WORK INSTRUCTIONS: All that should appear is the line containing "this 2048×1536 image." and the lines after it in the records below, each reproduced exactly.

■ ■ ■ ■ ■

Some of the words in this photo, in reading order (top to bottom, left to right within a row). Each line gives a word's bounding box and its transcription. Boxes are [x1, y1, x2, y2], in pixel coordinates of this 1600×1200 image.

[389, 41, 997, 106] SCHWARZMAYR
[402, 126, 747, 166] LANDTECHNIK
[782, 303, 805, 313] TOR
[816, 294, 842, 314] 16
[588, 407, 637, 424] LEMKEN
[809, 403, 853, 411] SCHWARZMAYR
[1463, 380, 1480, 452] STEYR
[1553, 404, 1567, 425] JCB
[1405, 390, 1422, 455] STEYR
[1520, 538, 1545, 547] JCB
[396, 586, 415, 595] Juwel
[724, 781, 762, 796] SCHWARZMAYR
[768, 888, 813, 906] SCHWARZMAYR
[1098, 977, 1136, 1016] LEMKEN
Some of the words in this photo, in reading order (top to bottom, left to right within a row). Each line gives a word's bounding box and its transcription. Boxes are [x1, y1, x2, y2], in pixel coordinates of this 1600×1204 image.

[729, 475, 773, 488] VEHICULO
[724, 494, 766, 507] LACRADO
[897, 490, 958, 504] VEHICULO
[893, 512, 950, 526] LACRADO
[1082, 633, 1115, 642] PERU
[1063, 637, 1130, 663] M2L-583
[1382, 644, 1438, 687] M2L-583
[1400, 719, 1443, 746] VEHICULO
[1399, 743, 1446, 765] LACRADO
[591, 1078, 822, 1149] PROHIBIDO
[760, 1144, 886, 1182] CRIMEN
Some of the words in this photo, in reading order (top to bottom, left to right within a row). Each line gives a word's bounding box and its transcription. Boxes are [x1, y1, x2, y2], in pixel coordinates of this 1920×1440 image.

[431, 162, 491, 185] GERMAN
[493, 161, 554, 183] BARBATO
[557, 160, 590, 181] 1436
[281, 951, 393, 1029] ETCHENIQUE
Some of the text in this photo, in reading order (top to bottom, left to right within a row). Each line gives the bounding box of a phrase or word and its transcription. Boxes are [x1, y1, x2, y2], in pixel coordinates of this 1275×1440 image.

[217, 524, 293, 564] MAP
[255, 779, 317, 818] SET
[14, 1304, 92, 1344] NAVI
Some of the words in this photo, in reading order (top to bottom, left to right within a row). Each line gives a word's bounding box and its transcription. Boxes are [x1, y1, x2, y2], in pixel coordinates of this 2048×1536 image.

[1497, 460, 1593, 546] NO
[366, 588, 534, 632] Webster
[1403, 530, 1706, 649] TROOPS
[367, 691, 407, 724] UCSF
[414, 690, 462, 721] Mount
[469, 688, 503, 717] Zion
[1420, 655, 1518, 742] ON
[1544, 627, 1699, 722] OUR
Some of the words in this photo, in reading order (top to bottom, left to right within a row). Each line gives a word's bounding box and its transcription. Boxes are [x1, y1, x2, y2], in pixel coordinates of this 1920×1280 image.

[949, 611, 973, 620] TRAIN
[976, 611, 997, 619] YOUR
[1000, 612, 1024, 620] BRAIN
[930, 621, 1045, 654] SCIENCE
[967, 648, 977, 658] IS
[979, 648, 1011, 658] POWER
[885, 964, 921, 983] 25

■ ■ ■ ■ ■

SOLUTION TO THIS TASK:
Some of the words in this photo, in reading order (top to bottom, left to right within a row). Each line gives a word's bounding box and its transcription. Boxes are [x1, y1, x2, y2], in pixel coordinates of this 2048×1536 image.

[1497, 460, 1593, 546] NO
[366, 588, 534, 632] Webster
[1403, 530, 1706, 649] TROOPS
[367, 691, 407, 724] UCSF
[414, 690, 462, 721] Mount
[469, 688, 503, 717] Zion
[1420, 655, 1518, 742] ON
[1544, 627, 1699, 722] OUR
Some of the words in this photo, in reading order (top to bottom, left to right within a row). Each line gives a word's bounding box and its transcription. Boxes are [x1, y1, x2, y2], in pixel coordinates of this 1920×1280 image.

[949, 611, 973, 620] TRAIN
[976, 611, 997, 619] YOUR
[1000, 612, 1024, 620] BRAIN
[930, 621, 1045, 654] SCIENCE
[967, 648, 977, 658] IS
[979, 648, 1011, 658] POWER
[885, 964, 921, 983] 25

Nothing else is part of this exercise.